Reviews

Teahouse Review: Imperial Tea Court

Imperial Tea Court Interior
Imperial Tea Court Interior
Imperial Tea Court's Roy Fong
Imperial Tea Court's Roy Fong
[TEAROOM ID=2612]

Many purchasers of fine teas will be familiar with Roy and Grace Fong's products through their informative web site. My sister and I wanted to sample their products onsite, so made the pilgrimage to their tearoom at the edge of San Francisco's Chinatown this past weekend. We heartily recommend that you do likewise.

Imperial Tea Court's tearoom is unobtrusive from the outside but serene on the inside. Roy designed the one large room solely for the enjoyment of and education about fine Chinese teas. All of the materials and craftsmanship were imported from China. The careful attention to effect shows in expanses of highly polished wood walls and shelving, with seating that's comfortable even for extended tea tasting.

Tea, not food, is the focus. ITC provides a choice of only three light, but excellent, snacks. The Fongs reserve their variety for an extended menu of fine greens, oolongs, blacks, and a few whites and herbals - each served in the fashion best suited to bring out its finest qualities.

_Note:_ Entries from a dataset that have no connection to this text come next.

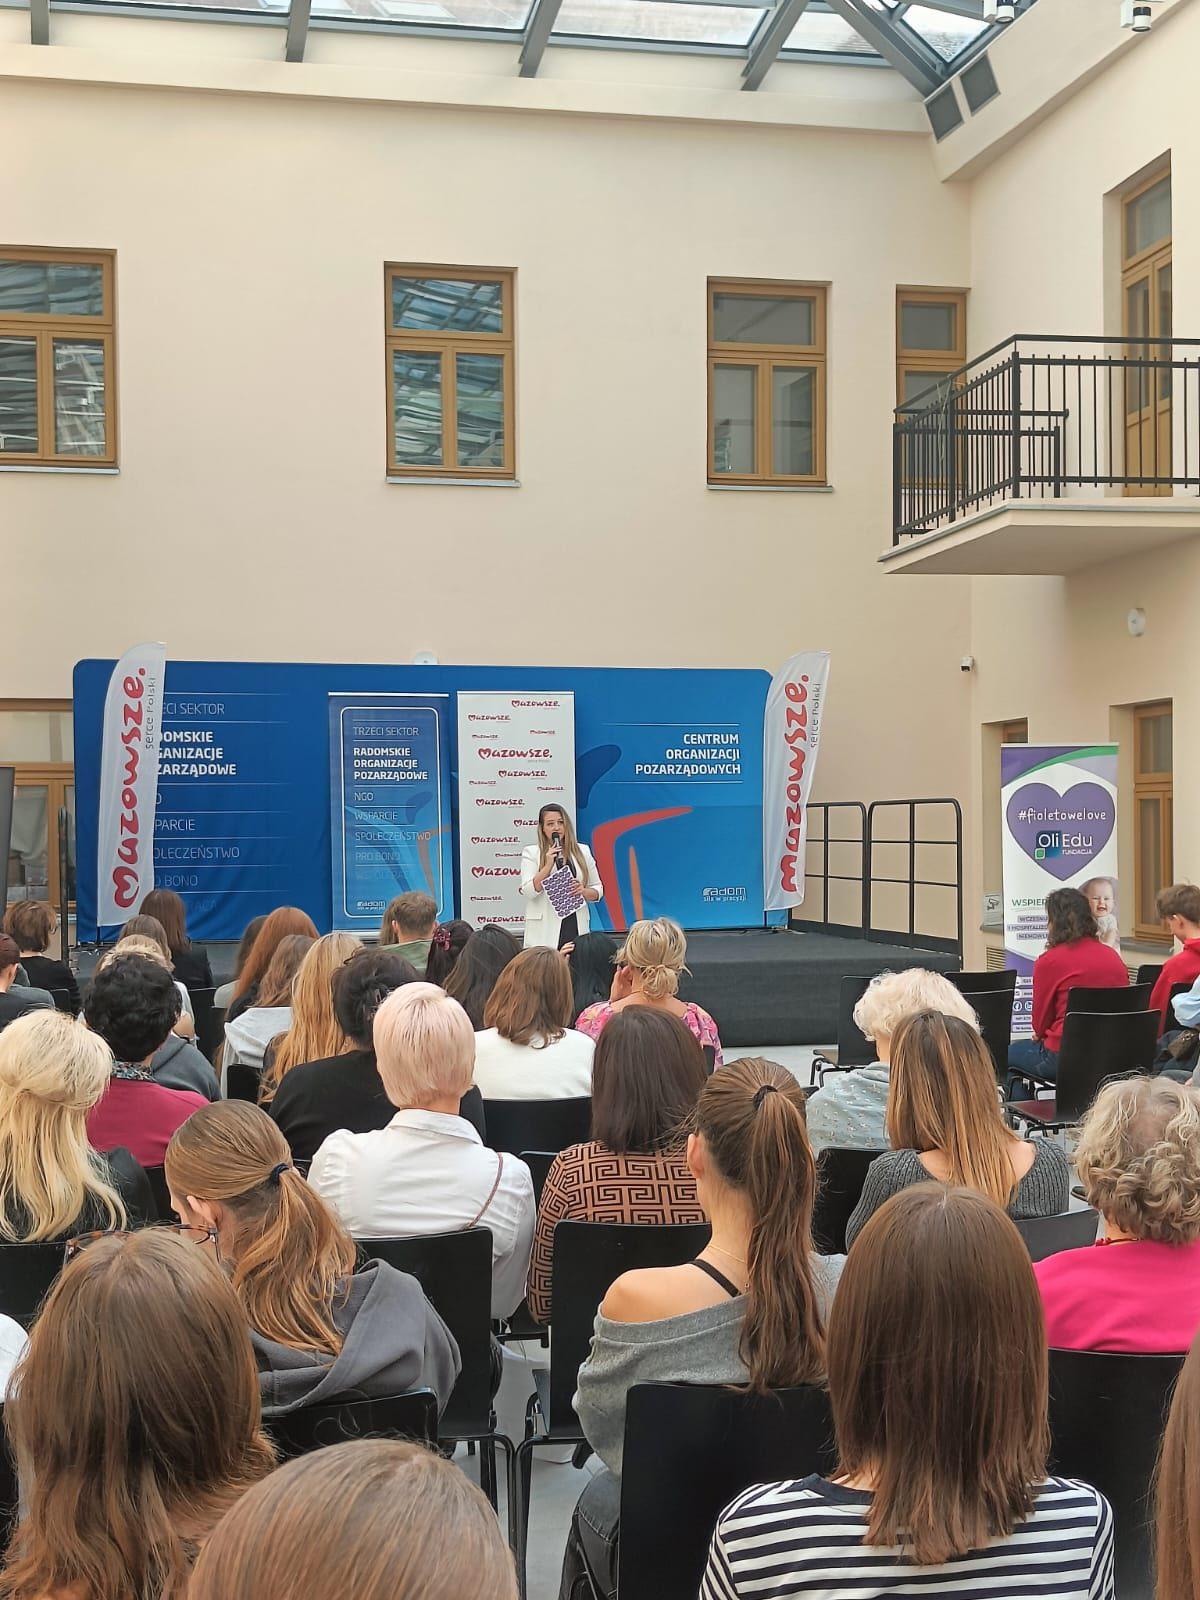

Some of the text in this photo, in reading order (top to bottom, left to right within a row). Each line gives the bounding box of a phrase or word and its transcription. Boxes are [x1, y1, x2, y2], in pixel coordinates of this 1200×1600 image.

[162, 703, 225, 715] ECI SEKTOR
[353, 727, 420, 736] TRZECI SEKTOR
[683, 733, 739, 745] CENTRUM
[157, 747, 224, 761] GANIZACJE
[353, 747, 411, 756] RADOMSKIE
[477, 748, 553, 760] Mazowsze.
[665, 748, 740, 761] ORGANIZACJI
[353, 759, 418, 769] ORGANIZACJE
[635, 763, 741, 777] POZARZĄDOWYCH
[157, 763, 237, 778] ZARZĄDOWE
[354, 771, 429, 781] POZARZĄDOWE
[354, 792, 374, 801] NGO
[355, 811, 398, 820] WSPARCIE
[1017, 807, 1107, 824] #fioletowelove
[155, 818, 196, 831] PARCIE
[513, 819, 539, 828] Mazo
[471, 866, 522, 878] Mazow

Ah, but you'd like details? ITC uses two basic approaches to brewing tea. The first (primarily for greens) uses the covered handleless cups with saucers called gaiwans. Once a tea is chosen and measured, the dry fragrance and appearance is briefly appreciated. A small quantity of hot (not boiling) water brings out the initial layers of scent and unfolding of the leaf. The remaining hot water for the first steeping is then added. We were shown how to manage the three parts easily and gracefully so as to enjoy the tea without a mouthful of leaves. Hot water can then be added repeatedly until every bit of the essence of the leaf has been extracted. At all steps of the process, we were given tips, advice, and background as to the whys and hows.

The second method - gongfu—can be more complicated but, in its simplest form, uses more leaf for less time and is often used for oolong or black teas. Typically, a small teapot is filled halfway with dry leaf. The first layer of water is usually poured off quickly before any tea is served. As with the gaiwan, multiple brewings are possible. Because of the quantity of leaf and relatively short timing, the tea is often poured off into a pitcher so that the different results blend for the enjoyment of all at the table. Roy demonstrated how even a small change in water temperature or brewing time could produce different, but equally lovely, brews.

Lest this sound entirely too complex, the key to drinking tea at ITC is enjoying fine conversation, sometimes about the tea, sometimes about tea history, or about anything else best discussed at leisure.

Over the weekend, we sampled as many teas as we could distinguish without dulling our taste buds. We focused on greens and oolongs, many of them superb representatives of their types and most selected personally by Roy on his yearly trip to China. Many of the teas are imported only partially processed and are then hand-fired by him to the taste that he prefers. By visiting the tearoom, we were even able to try a few teas that had arrived but not yet been fully finished.